[The task]:
Your reply should be an exact copy of the lines from the one that holds "Some of the text" to the end of the data below.

[Records to use]:
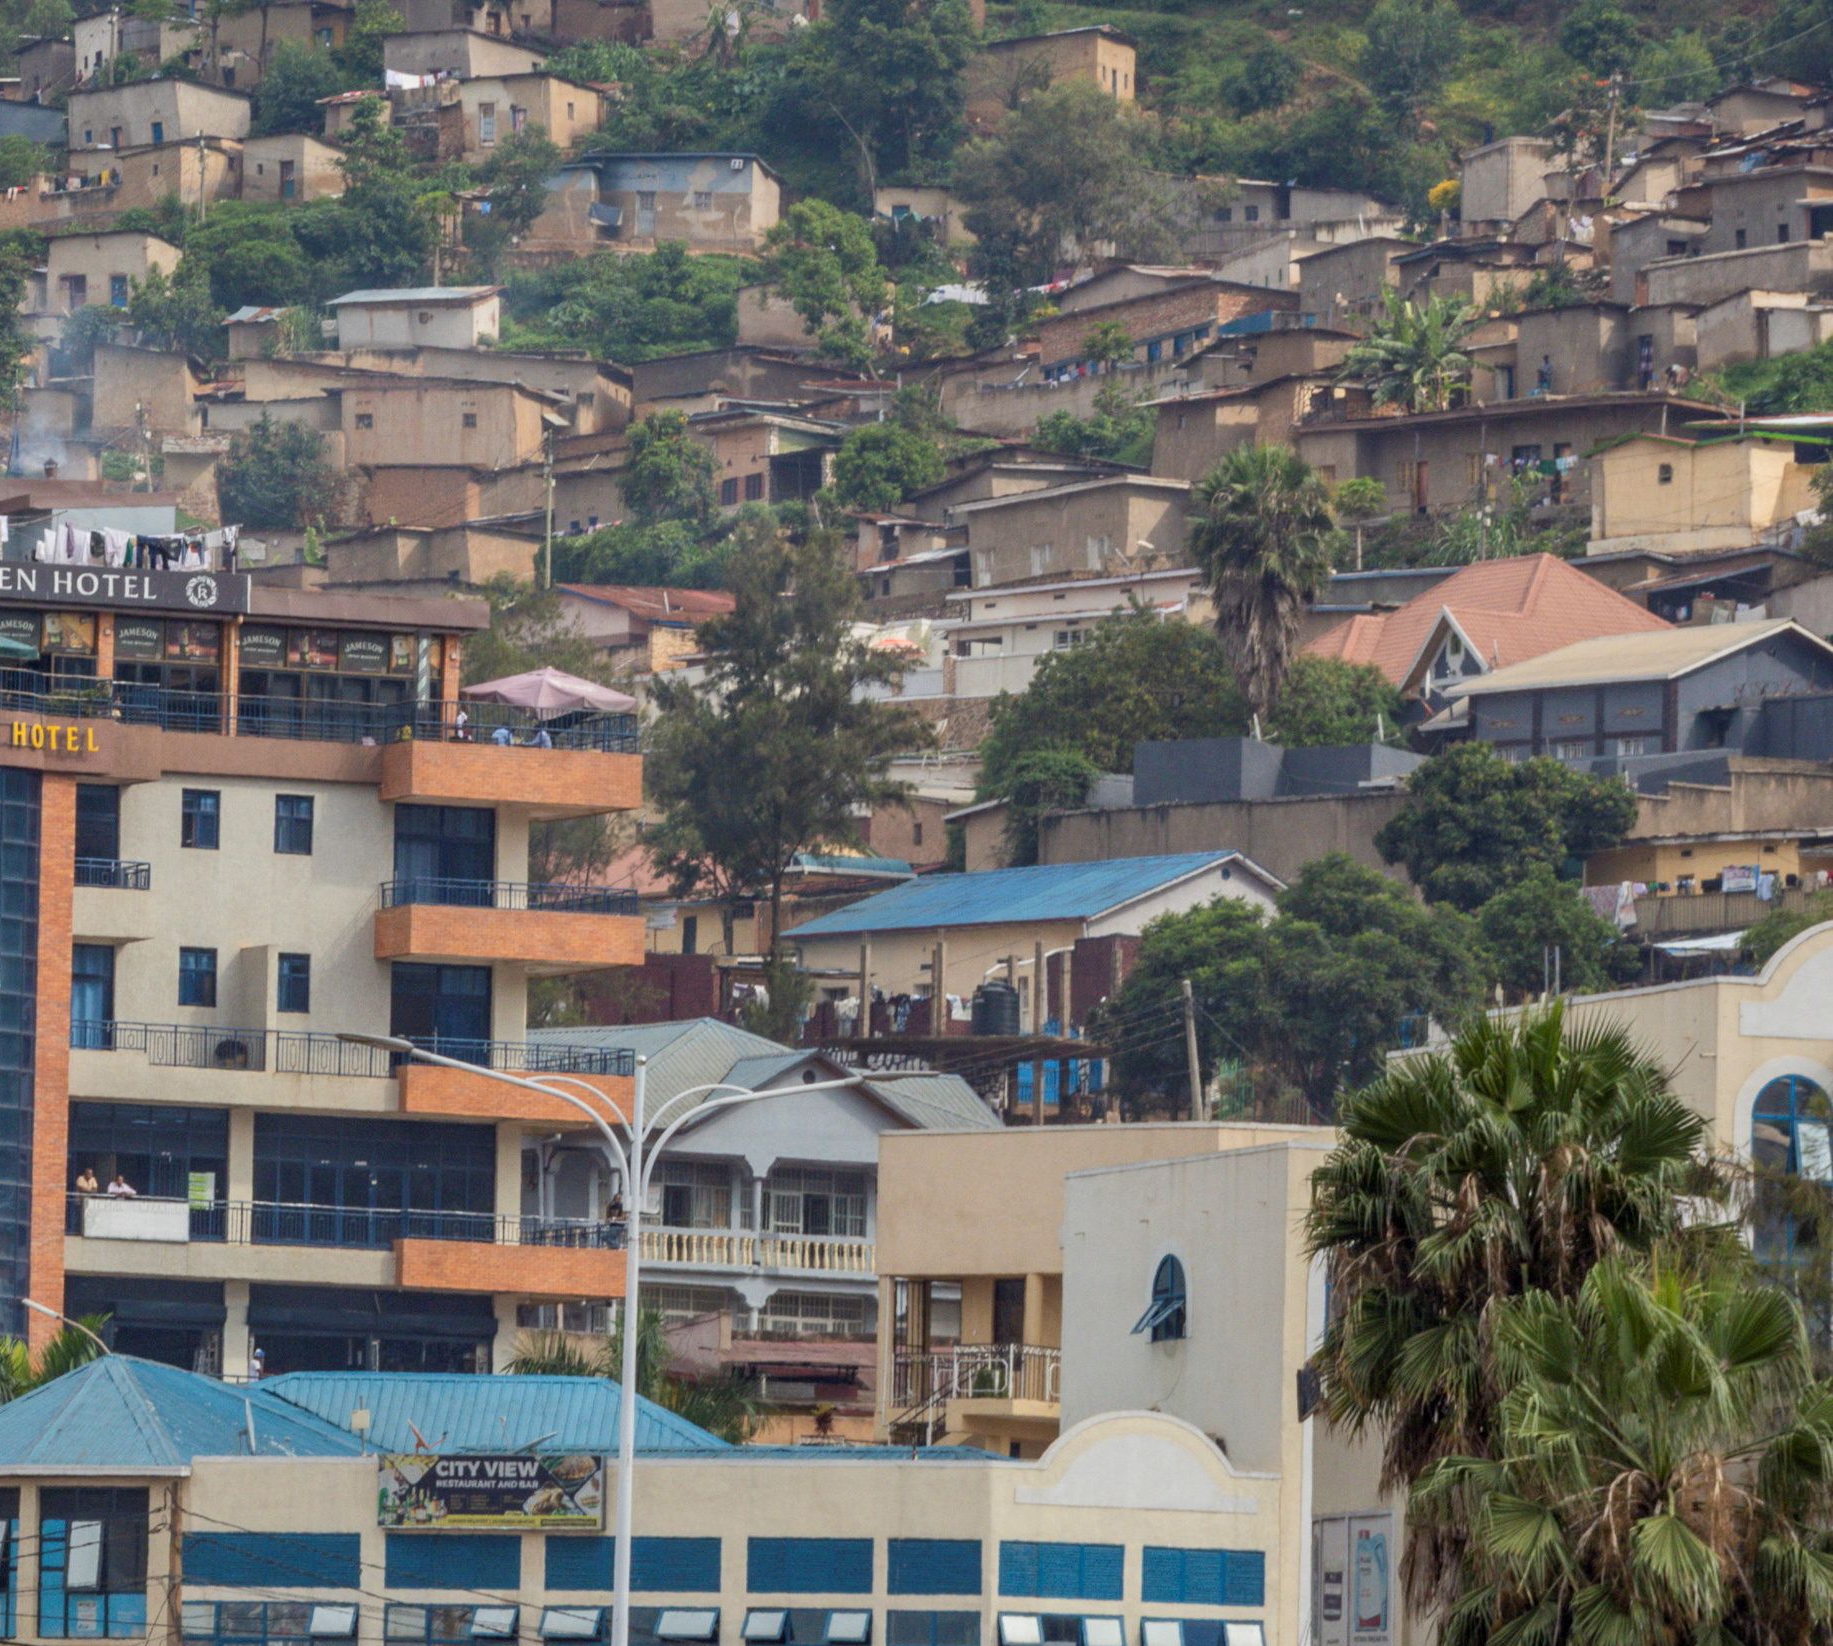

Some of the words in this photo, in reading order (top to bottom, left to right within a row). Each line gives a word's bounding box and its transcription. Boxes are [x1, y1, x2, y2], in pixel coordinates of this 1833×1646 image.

[53, 571, 157, 600] HOTEL
[119, 627, 158, 640] JAMESON
[242, 635, 282, 649] JAMESON
[345, 643, 384, 657] JAMESON
[12, 720, 100, 752] HOTEL
[436, 1459, 481, 1478] CITY
[484, 1459, 539, 1478] VIEW
[436, 1479, 495, 1489] RESTAURANT
[497, 1480, 517, 1489] AND
[518, 1480, 539, 1489] BAR
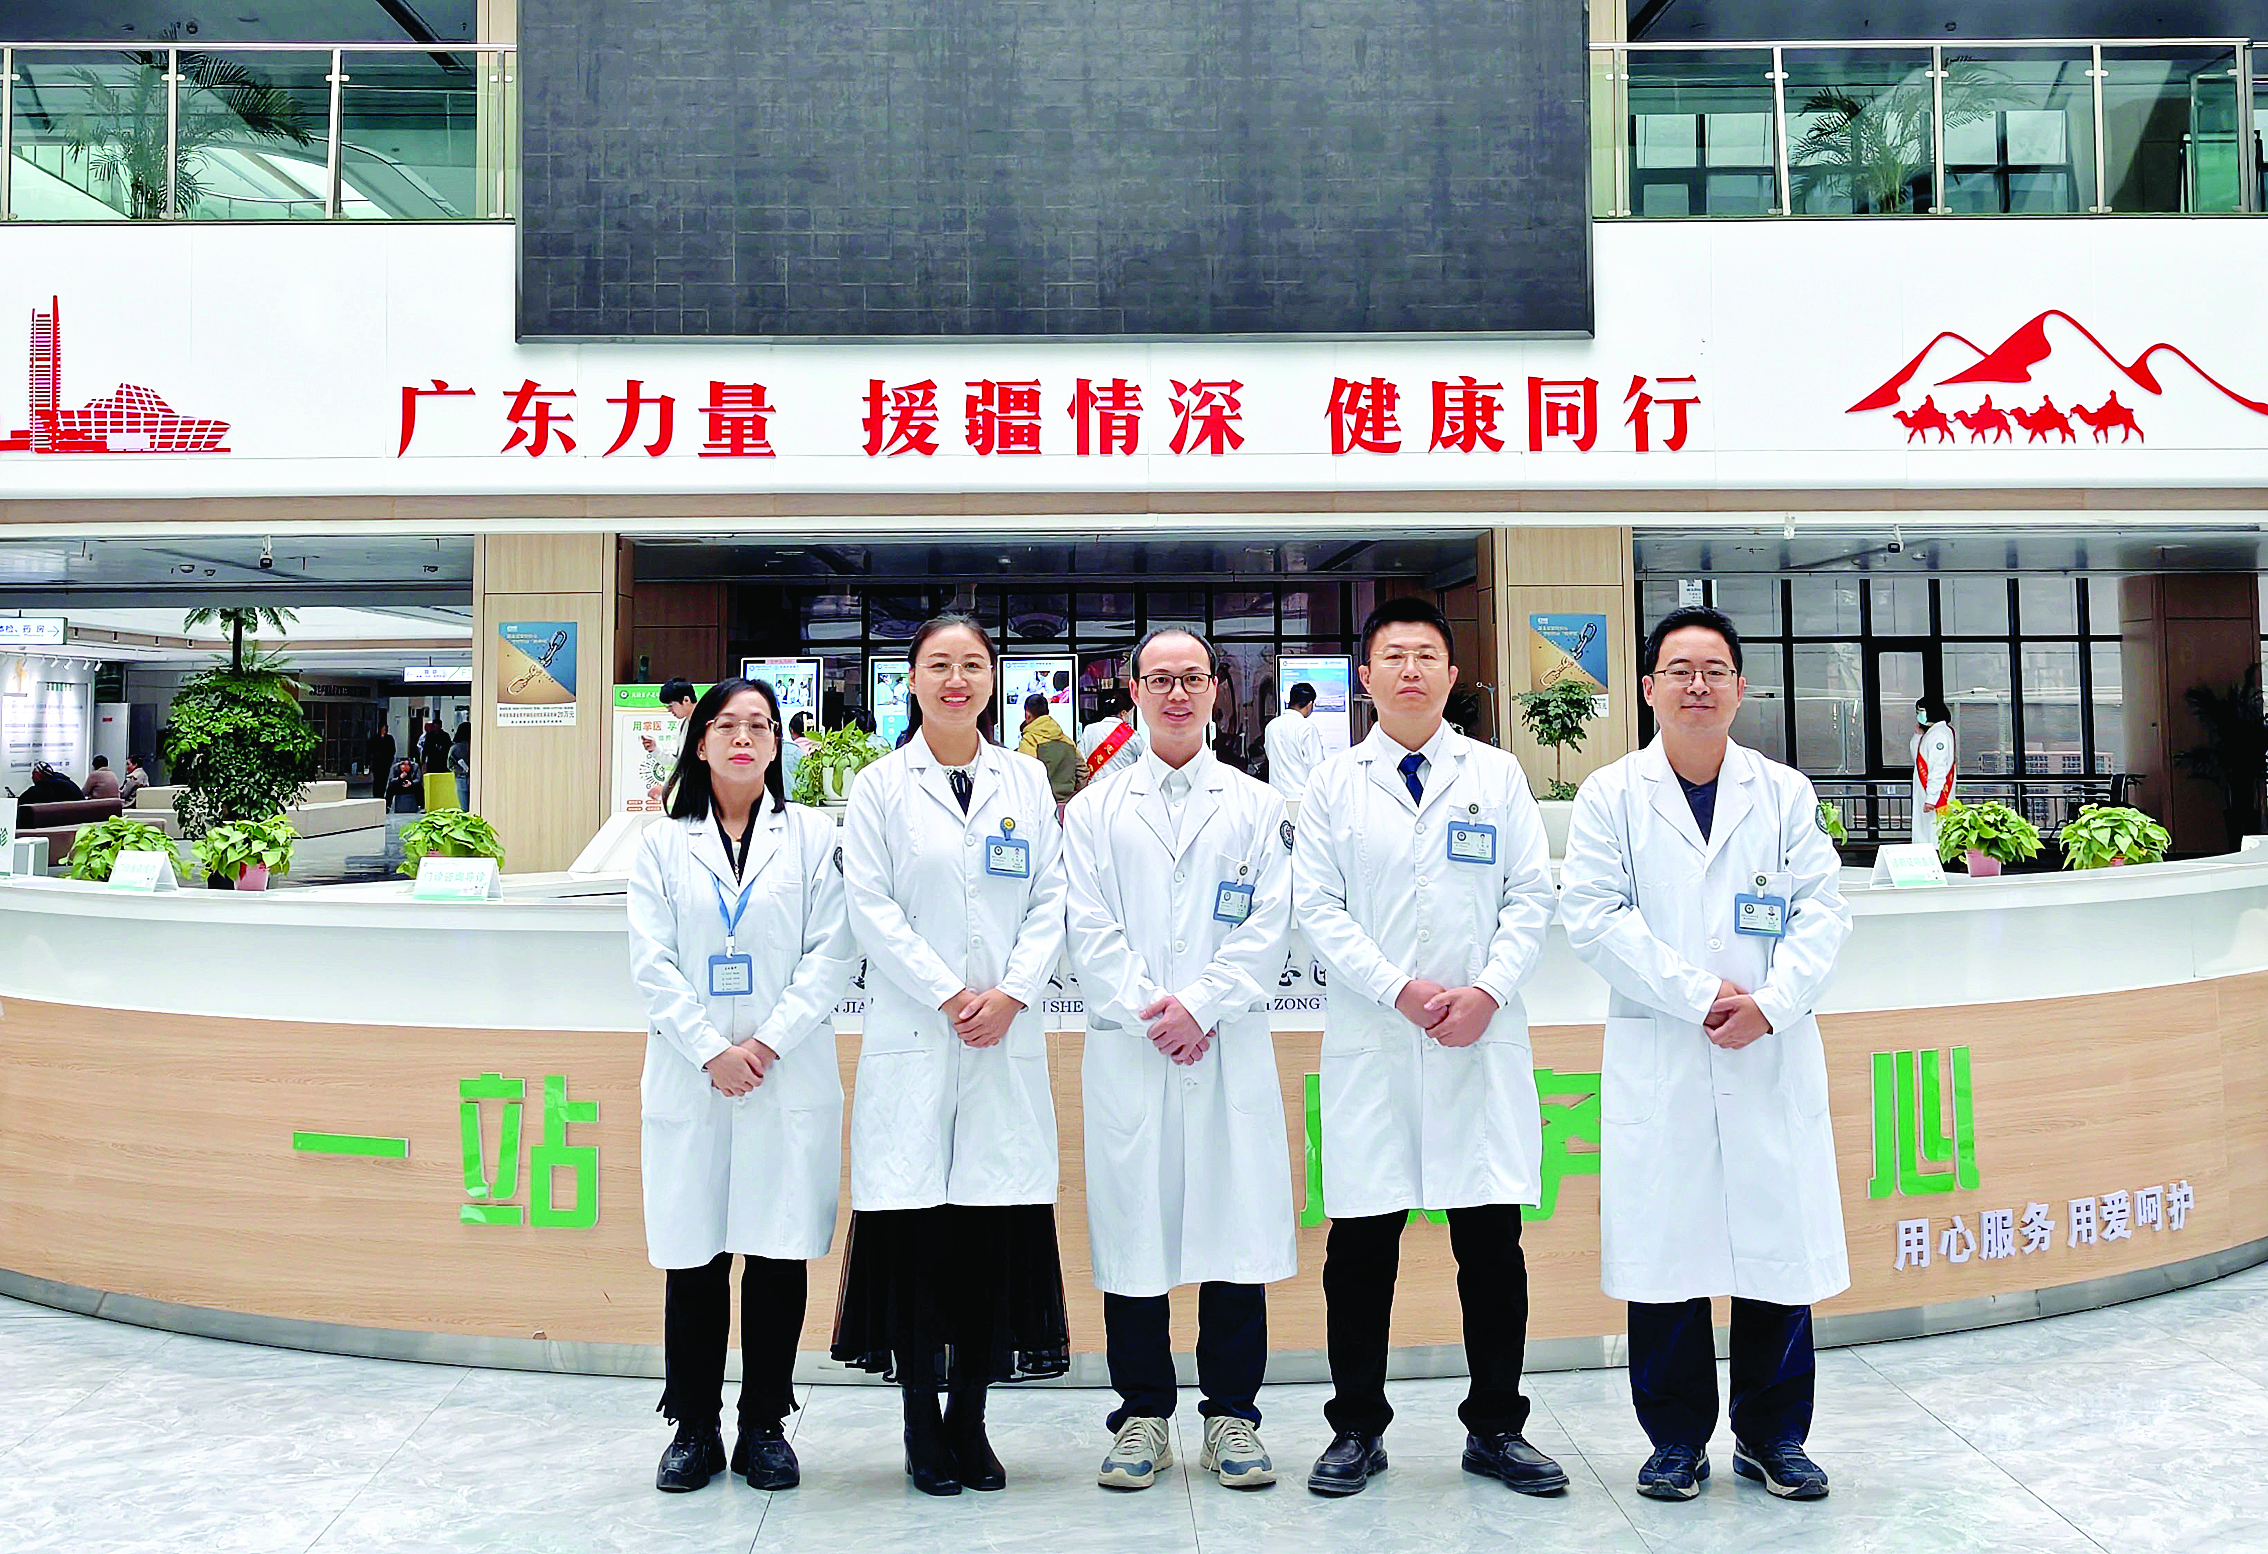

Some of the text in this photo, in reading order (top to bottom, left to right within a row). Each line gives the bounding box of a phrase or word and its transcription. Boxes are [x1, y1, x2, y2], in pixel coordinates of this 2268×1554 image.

[398, 375, 1700, 458] 广东力量 援疆情深 健康同行
[1274, 997, 1320, 1011] ZONG
[1893, 1180, 2195, 1271] 用心服务 用爱呵护

[Exercise solution]:
Some of the text in this photo, in reading order (top to bottom, left to right within a row). Each line gives the bounding box of a phrase or word and its transcription. Boxes are [x1, y1, x2, y2], in pixel coordinates of this 2268×1554 image.

[398, 375, 1700, 458] 广东力量 援疆情深 健康同行
[1274, 997, 1320, 1011] ZONG
[1893, 1180, 2195, 1271] 用心服务 用爱呵护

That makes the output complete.